# Should we try another game?



## jenni belle (Mar 10, 2005)

This game is simple. Give a short description of a television series and let others guess. Guess correctly and then post another clue. Easy, right?

*A top notch team of forensic investigators solve crimes in ways that would once have been considered science fiction.
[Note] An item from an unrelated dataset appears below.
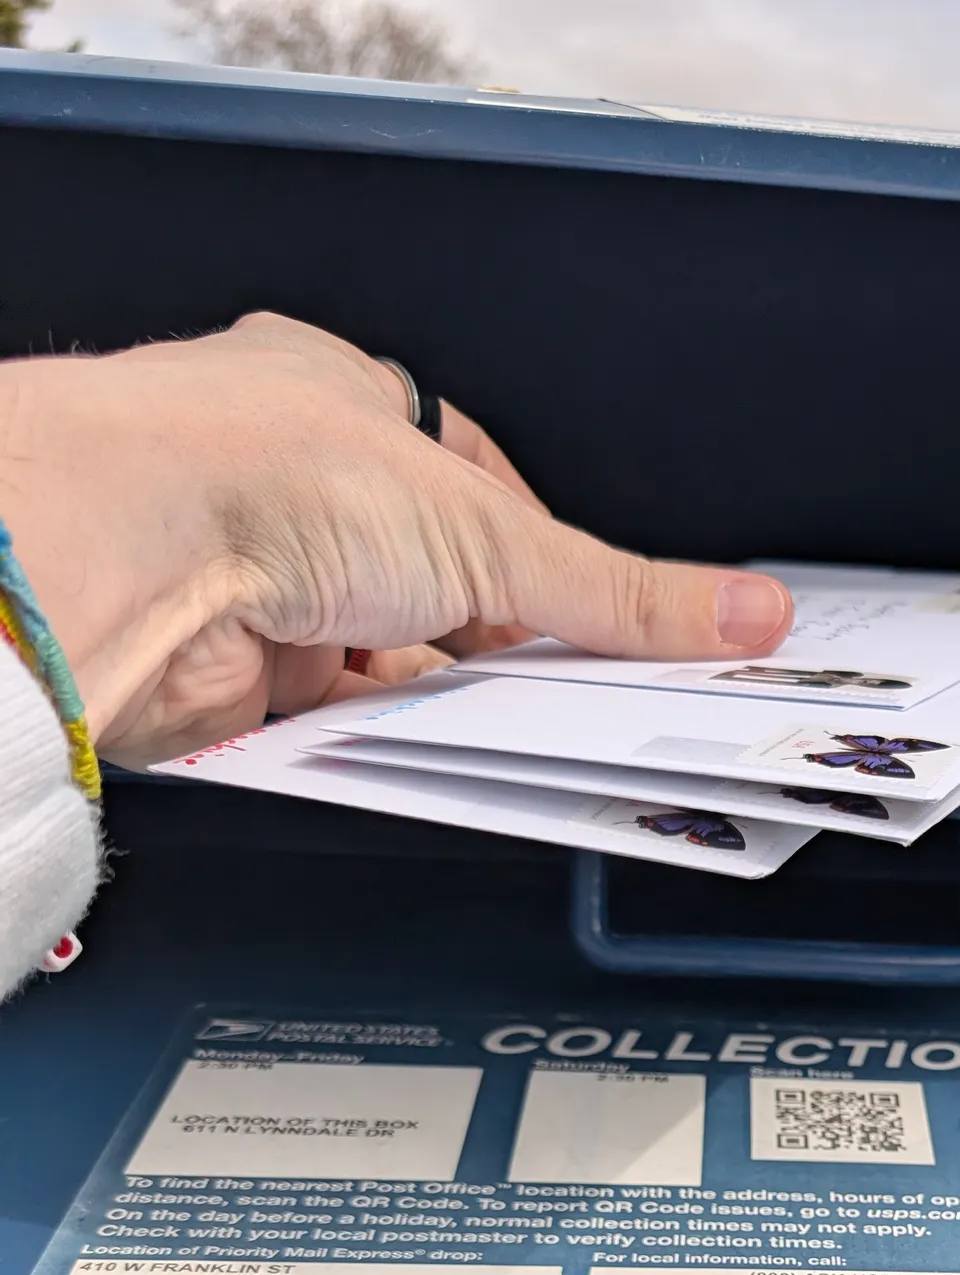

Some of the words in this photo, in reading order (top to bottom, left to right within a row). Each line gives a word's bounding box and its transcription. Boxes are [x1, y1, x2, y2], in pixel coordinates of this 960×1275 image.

In Sin City, this team never sleeps.*


----------



## mezzaluna (Aug 29, 2000)

I think it's CSI: Las Vegas.

Here's mine:

*Science geeks attempt to discover facts about common beliefs.*


----------



## pete (Oct 7, 2001)

One of my new favorite shows "NUMBERS".

Two men and their team of techno-mechanical geeks attempt to contradict wide spread beliefs.


----------



## frizbee (Sep 27, 2003)

LOVE IT Myth Busters!

Discussions with notable celebrities, former students become teachers.


----------



## mezzaluna (Aug 29, 2000)

Pete, my husband and I like Numb3rs too, but Frizbee got it; it's MythBusters!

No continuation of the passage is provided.